When a rag doll dropped to the floor from the girl’s sleeping hand, Martin picked it up. And he remembered Claire, who slept with a doll in a tattered orange dress.

At the same moment Mary said, “Emmy and Isabel have dolls like that. Alex bought them in France.” Her lips trembled.

If Mary’s children were mine, Martin thought, and Claire belonged to Mary—

She laid her head on the back of the seat. He remembered that she had told him how she found escape in sleep. Rest then, he thought, drawing the shade to keep the light from flickering on her face. Her breasts rose and fell under the tan silk. He remembered their perfume. If they had been alone in the compartment, he would have put his head next to hers. But now these strangers were here, sitting like monoliths on Easter Island. Every time he looked up, he met the curious eyes of these innocent strangers, and he hated them.

All through the long trip to England, to the parting place, his thoughts went round and round like a poor
blinded mule at the threshing floor. There must be a way … There is no way.… There must be a way …There is no way …
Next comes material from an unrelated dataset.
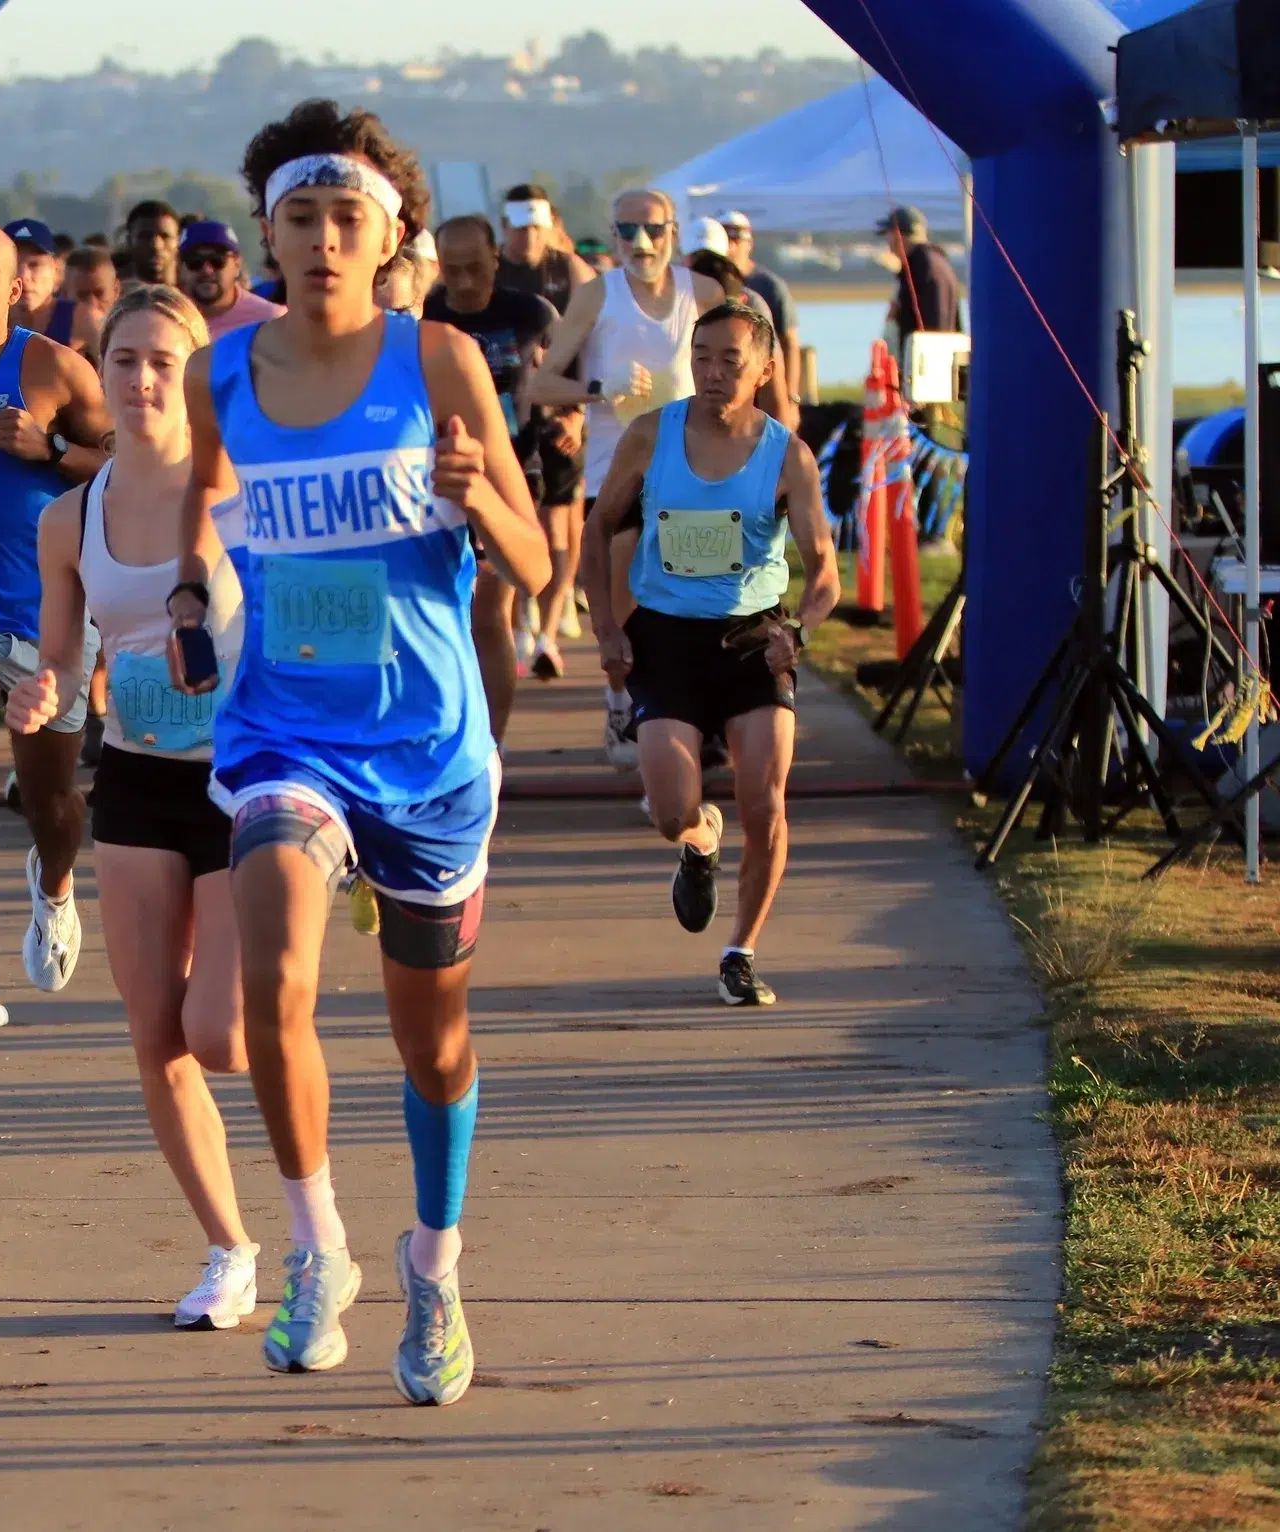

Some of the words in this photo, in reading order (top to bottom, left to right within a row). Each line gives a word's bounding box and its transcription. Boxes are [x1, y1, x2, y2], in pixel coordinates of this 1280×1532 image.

[666, 524, 733, 558] 1427
[269, 581, 381, 635] 1089
[119, 675, 213, 727] 1010
They were astonished to be met at the railroad station in London by Alex Lamb. Even before the train had come to a halt under the glass roof and the iron fretwork they saw him scanning the carriages, then running toward them.

“Nothing wrong with the children, it’s all right!” he called. When they came up to him he lowered his voice. “But you have damn well made a mess of things! All hell has broken loose.”
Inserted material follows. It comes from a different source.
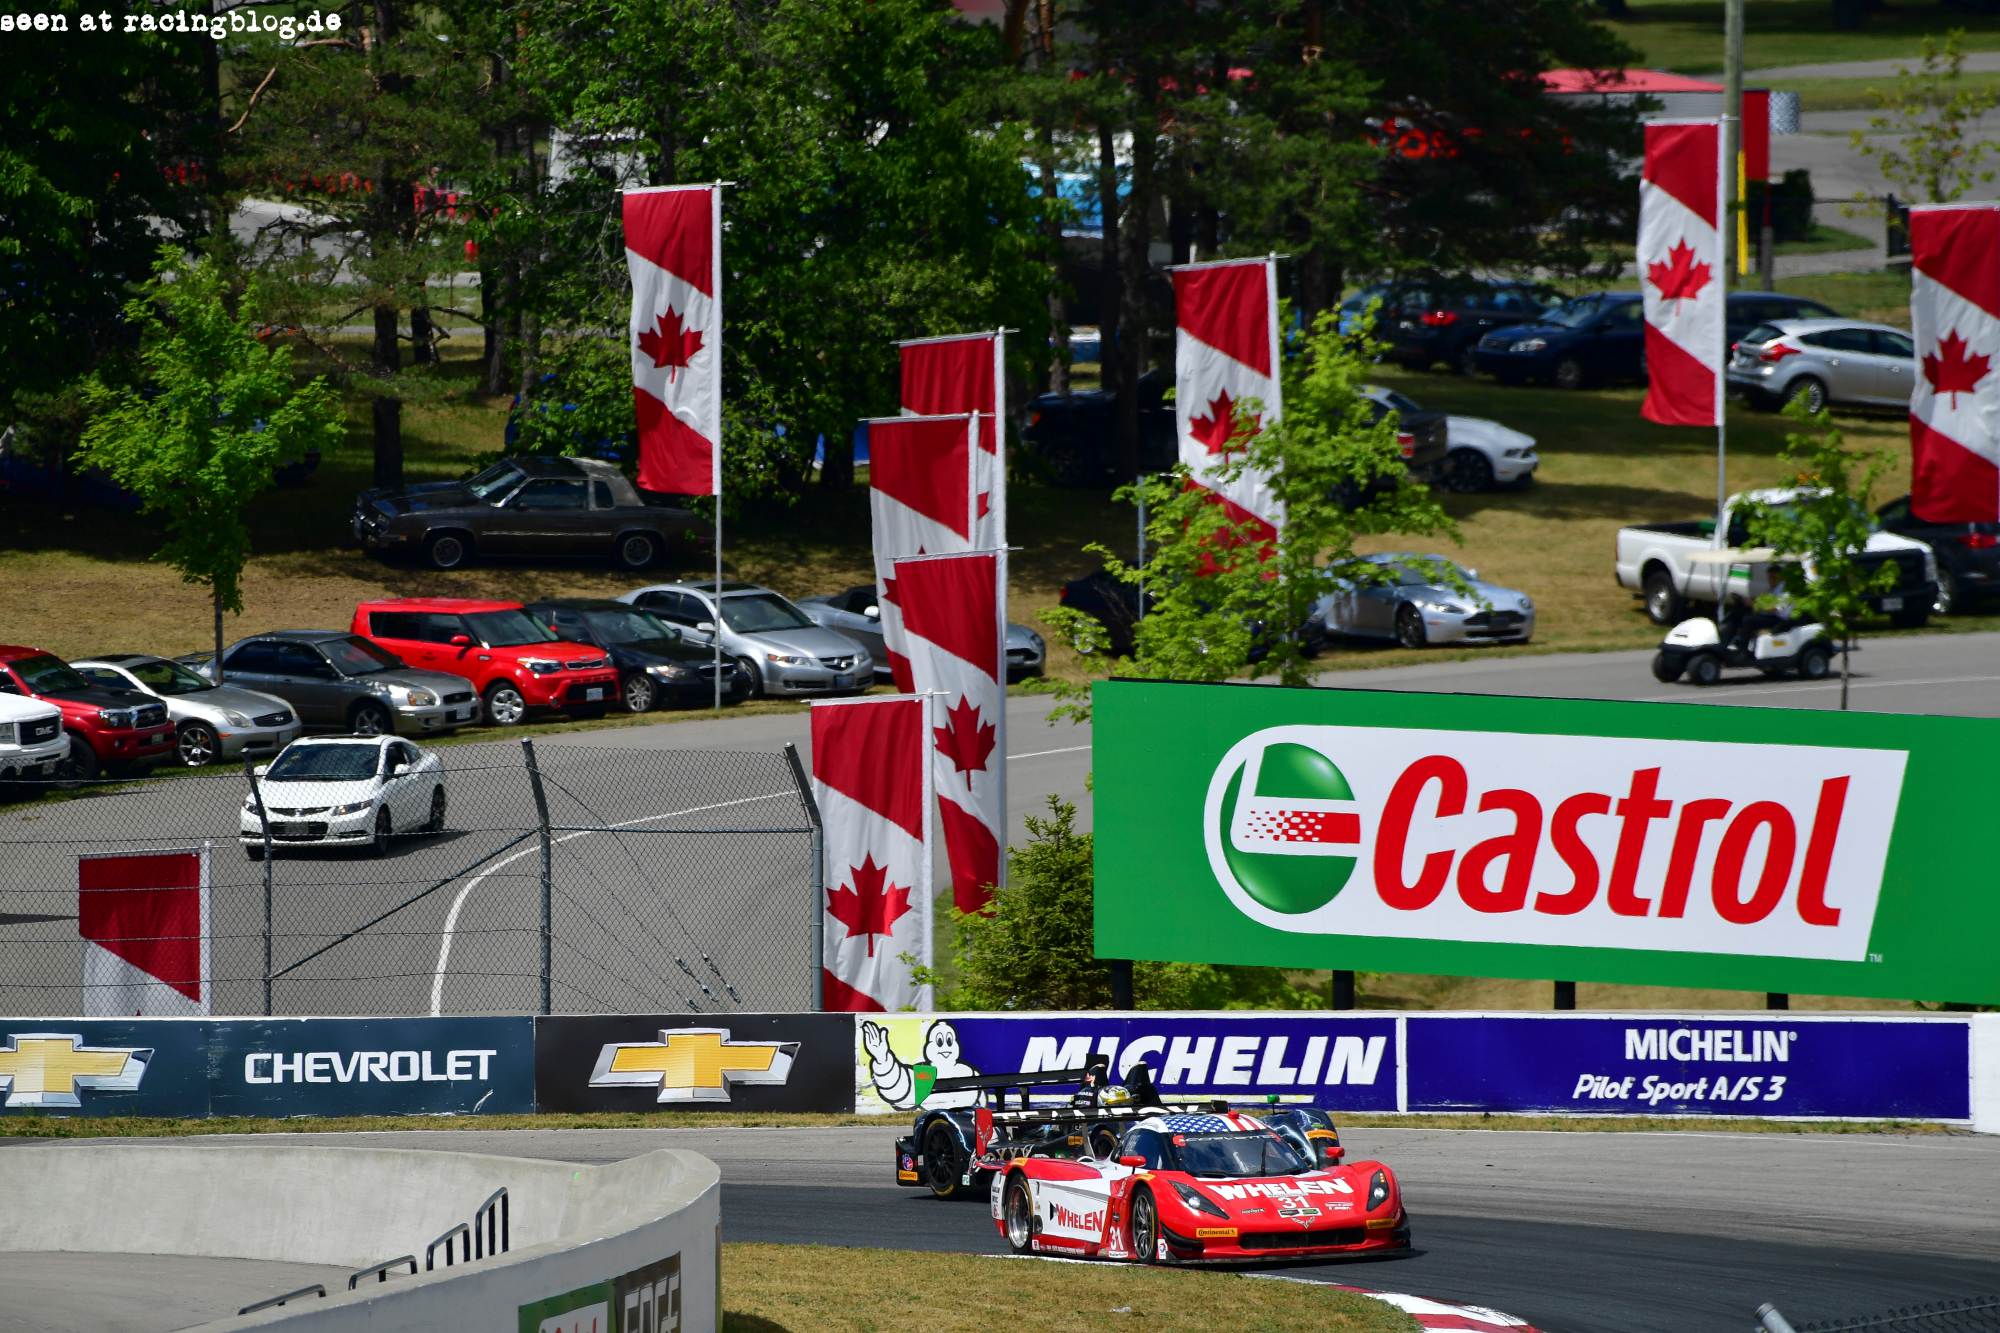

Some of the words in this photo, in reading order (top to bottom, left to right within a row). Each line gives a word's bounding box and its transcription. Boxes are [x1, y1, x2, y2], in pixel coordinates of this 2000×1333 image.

“What? What are you saying?” Mary cried.

“Good Lord, Fern, I don’t mind! But dammit, if you had only told me! Then I would have known what to say.”
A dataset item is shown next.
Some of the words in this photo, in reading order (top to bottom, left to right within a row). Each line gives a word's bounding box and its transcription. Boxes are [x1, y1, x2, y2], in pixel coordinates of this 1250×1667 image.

On the platform, surrounded by luggage and hurrying feet, they heard the story.

“You see, Jessie got the idea that it would be jolly to call the hotel in Paris and let Claire talk to her father. And the concierge told her—” Alex turned to Martin. “He told her that you had left. Or rather, he said that Monsieur and Madame had left, that he himself had got them a reservation on the Blue Train for Nice.

“So then Jessie, having thought that over, telephoned my house and asked for Fern. And I said, quite naturally, that you’d gone to Nice for a week’s rest from the children and me. How could I have known? You really ought to have told me!” Alex repeated.

“Jesus Christ!” Martin cried.

“I hope you’re not upset about me,” Alex said. “You’ve been told that I’m not likely to play the role of outraged husband. Jessie, of course, is something else.”

“How is she now?” Martin asked.

“Now? I really couldn’t say. She was rather bad off when I saw her on Saturday. I went right up to town to talk to her, but it wasn’t any use. She and the child left Monday on the
Leviathan
for New York.”

Chapter 13

The double doors of the familiar library had been slammed and the curtains pulled tight, trapping Donald Meig’s anger in the shadowed room. His words beat the walls like fists.

“You Goddamned scum! Her own sister! I wouldn’t have cared if it had been anyone else! What the hell. I wouldn’t even have blamed you all that much. But to shame the family that took you in and—No, let me talk. If it weren’t for me, you’d be doling out aspirins and driving thirty miles in the middle of the night for two dollars—if and when you could collect.”

Martin trembled. It had been a hard voyage through ferocious seas, with the ropes up in the corridors and the passengers vomiting in their cabins. After disembarking, he had rushed at once to the train. Now, tense with a poisonous mixture of humiliation and foreboding, he stood before a man who appeared to have gone mad with rage. Meig’s eyes glittered like the glass lumps in the deerhead on the wall.